Porsche and Volkswagen are the typical German couple: Not married, with children. Formally, the two want to say “Ja” once the pending lawsuits are taken care of. In the meantime, the couple cohabitates happily. CEO Matthias Müller is made from Audi-DNA. He is a confidant of Martin Winterkorn, who is Piech’s man. Müller runs Porsche like a full-fledged Volkswagen division, down to doing his share to fulfilling Winterkorn’s grand “Strategie 2018,” the plan for world domination by Volkswagen. Under Müller, Porsche doesn’t chase Nordschleife lap times. Porsche chases volume.
Yesterday, Müller told the Swiss newspaper Neue Züricher Zeitung: “By 2018, we want to more than double our sales to 200,000 units.” In the grandiose scheme of the “Strategie 2018,” which will require more than 10 million cars annually to succeed, 100,000 Porsches more is a drop in the bucket. But everybody is doing his part.
And this is how Müller wants to pull off the miracle:
- The currently four series (911, Boxster/Cayman, Panamera and Cayenne) will be expanded to six or seven.
- The three new ones are the Cajun, a re-release of something like the 550 Spyder, and a super sportscar which will compete with Ferrari (at homeopathic volume.)
- Müller wants to sell an additional 30,000 units primarily in “Asia” (= China). The Panamera is planned to add 25,000 units, the Cajun is budgeted at 50,000 units. There you have your 100,000 more.
- The number of dealers will grow from 700 to 1,000 – globally.
That was easy! Müller has big hopes for China, which he thinks will replace the U.S.A. as Porsche’s largest market as early as next year. In China, the dealer network will grow from currently 40 to 100.

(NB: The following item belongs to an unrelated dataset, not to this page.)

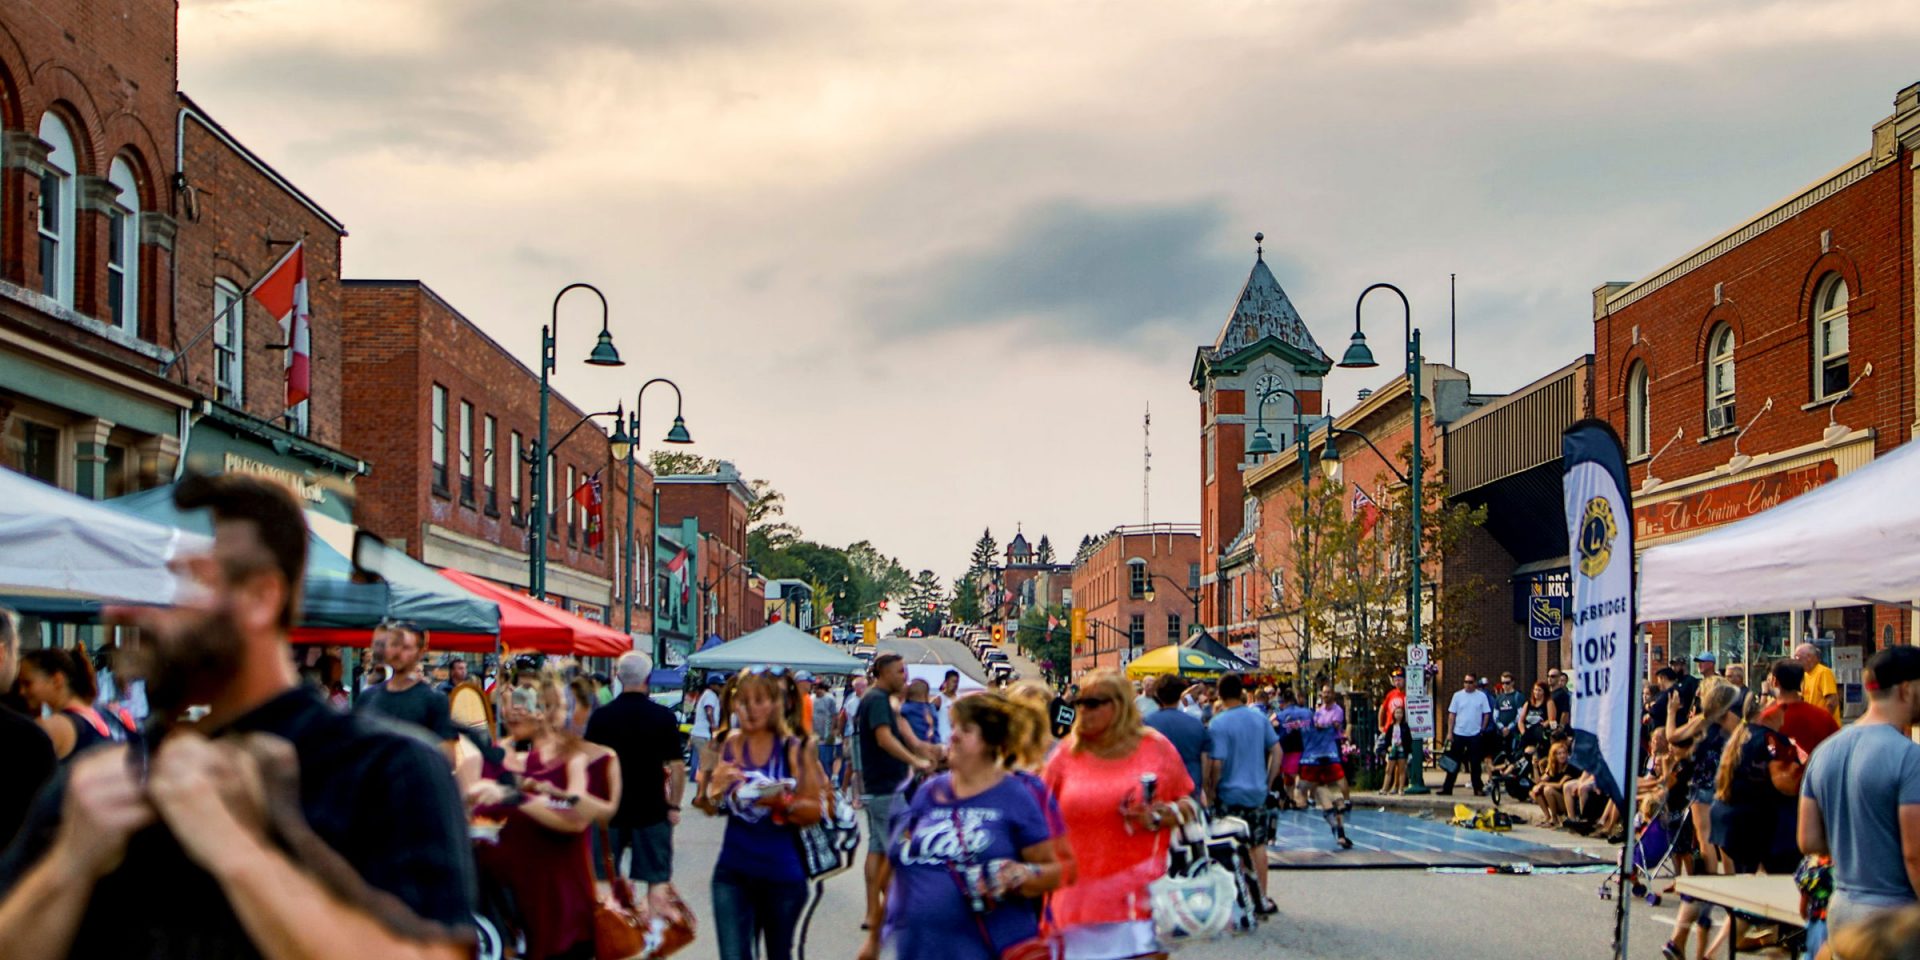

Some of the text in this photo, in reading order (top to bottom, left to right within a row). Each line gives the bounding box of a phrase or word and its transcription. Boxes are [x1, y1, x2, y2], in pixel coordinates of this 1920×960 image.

[1663, 480, 1782, 530] The Creative Cook
[1548, 573, 1570, 597] RBC
[1534, 627, 1560, 637] RBC
[1578, 632, 1616, 666] IONS

The true porschephile is close to a heart attack after reading these lines and worries about the watering down of his beloved slotcar. Not to worry, says Müller. Asked by the Swiss paper what will set a Porsche apart from the rest, Müller answered that it’s a panoply of things, such as the design, the position of seat and steering wheel, the sound, the bite of the brakes.
Now, porschephiles are REALLY worried.